About this exercise:
Down to the last line, print the data that follows exactly, without its pictures.

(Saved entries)
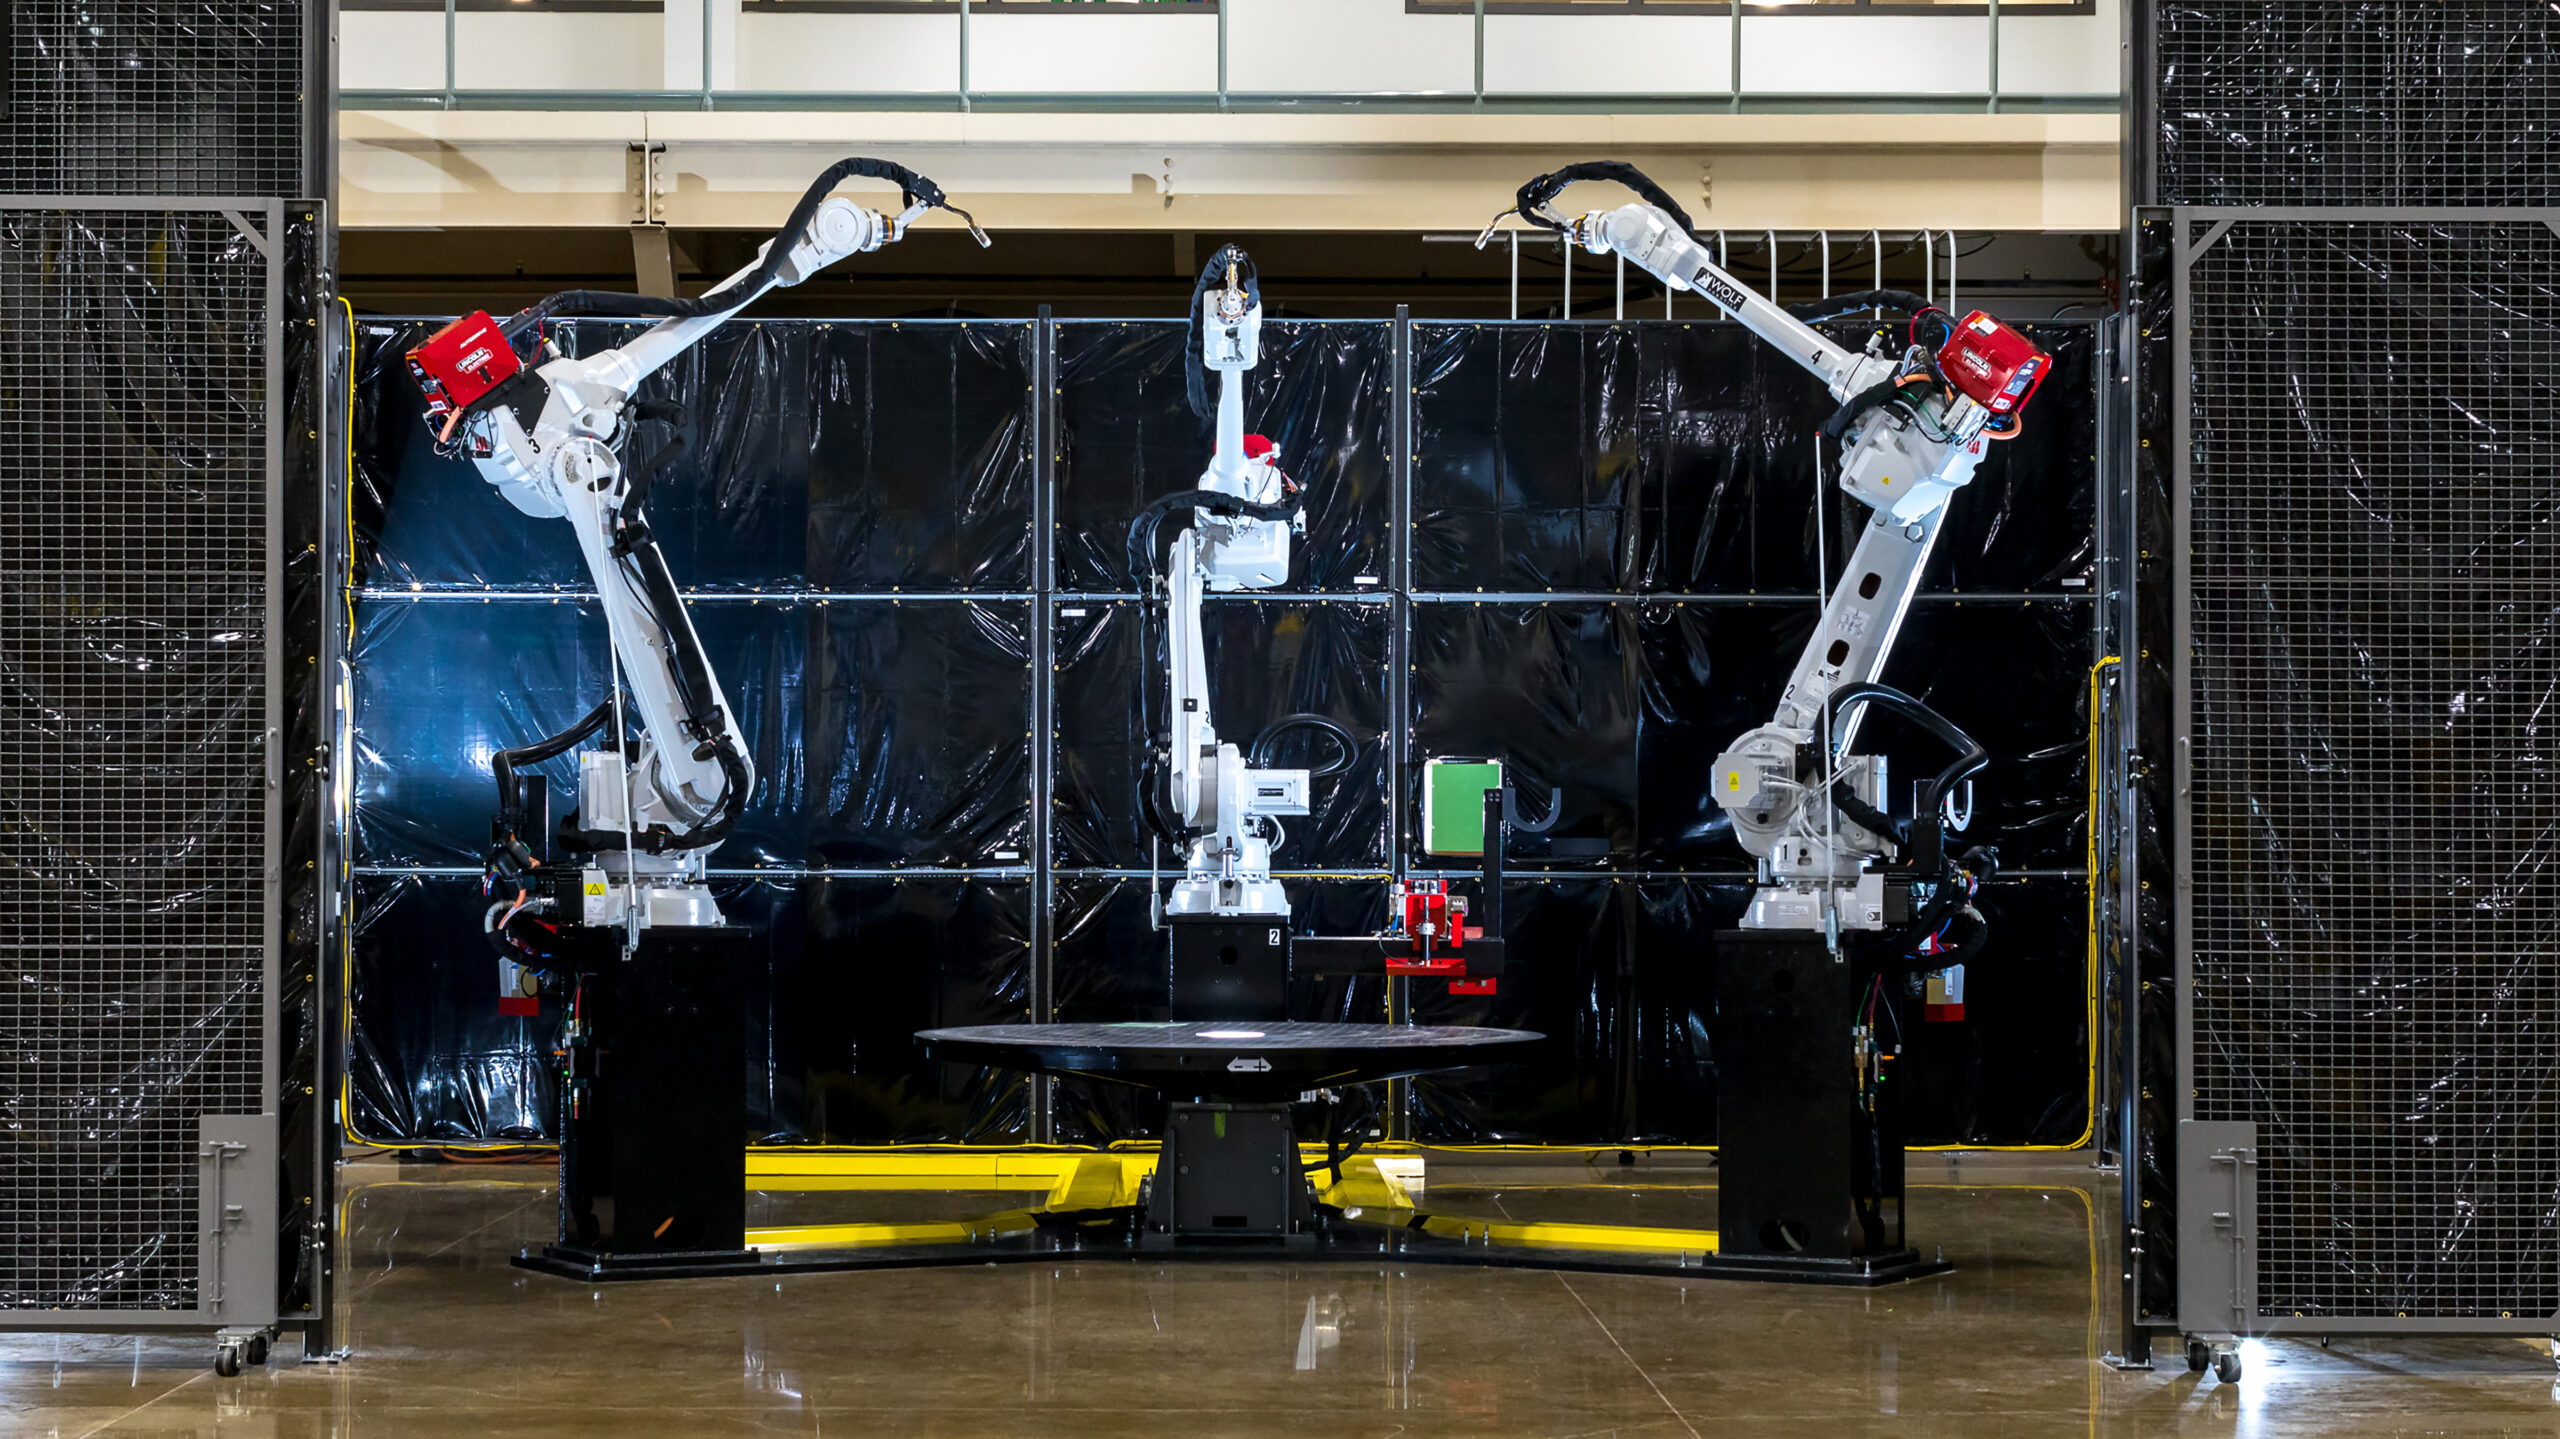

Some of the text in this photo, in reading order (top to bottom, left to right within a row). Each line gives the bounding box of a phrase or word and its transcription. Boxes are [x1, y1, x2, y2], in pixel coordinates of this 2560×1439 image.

[1711, 278, 1744, 305] WOLF
[458, 347, 485, 370] LINCOLN
[1811, 350, 1824, 365] 4
[1963, 348, 1990, 370] LINCOLN
[528, 438, 541, 454] 3
[1785, 684, 1796, 700] 2
[1783, 844, 1788, 860] 1
[1270, 930, 1279, 944] 2

Solution for this problem:
Some of the text in this photo, in reading order (top to bottom, left to right within a row). Each line gives the bounding box of a phrase or word and its transcription. Boxes are [x1, y1, x2, y2], in pixel coordinates of this 2560×1439 image.

[1711, 278, 1744, 305] WOLF
[458, 347, 485, 370] LINCOLN
[1811, 350, 1824, 365] 4
[1963, 348, 1990, 370] LINCOLN
[528, 438, 541, 454] 3
[1785, 684, 1796, 700] 2
[1783, 844, 1788, 860] 1
[1270, 930, 1279, 944] 2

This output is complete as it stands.